Input data section start
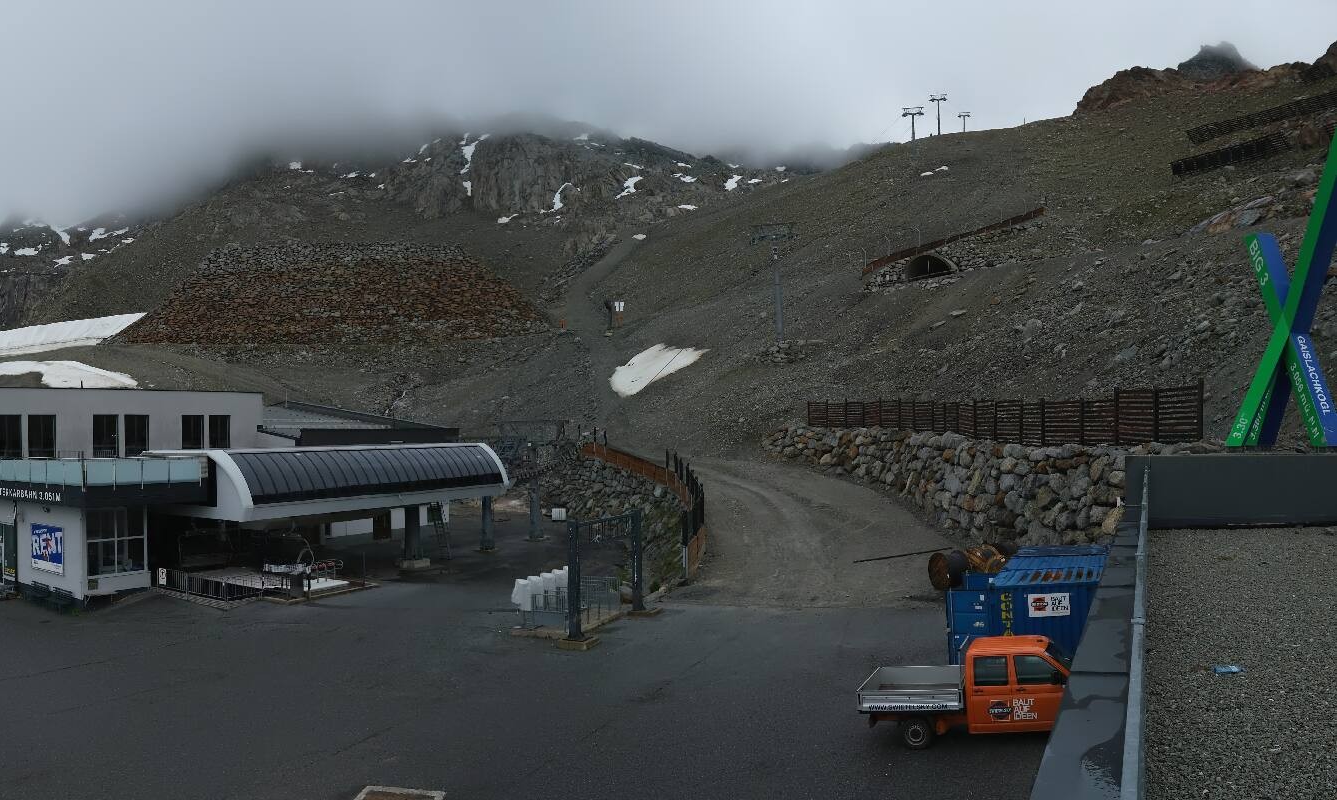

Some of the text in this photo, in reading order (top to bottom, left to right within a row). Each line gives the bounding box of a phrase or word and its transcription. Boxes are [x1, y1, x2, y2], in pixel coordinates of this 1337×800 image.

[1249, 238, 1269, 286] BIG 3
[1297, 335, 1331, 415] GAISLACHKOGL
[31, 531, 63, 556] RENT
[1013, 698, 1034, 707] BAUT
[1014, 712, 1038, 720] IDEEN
Input data section end
# Assignment:
Copy the entries exactly. Leave out the images.

# Answer to this exercise:
Some of the text in this photo, in reading order (top to bottom, left to right within a row). Each line gives the bounding box of a phrase or word and its transcription. Boxes are [x1, y1, x2, y2], in pixel coordinates of this 1337×800 image.

[1249, 238, 1269, 286] BIG 3
[1297, 335, 1331, 415] GAISLACHKOGL
[31, 531, 63, 556] RENT
[1013, 698, 1034, 707] BAUT
[1014, 712, 1038, 720] IDEEN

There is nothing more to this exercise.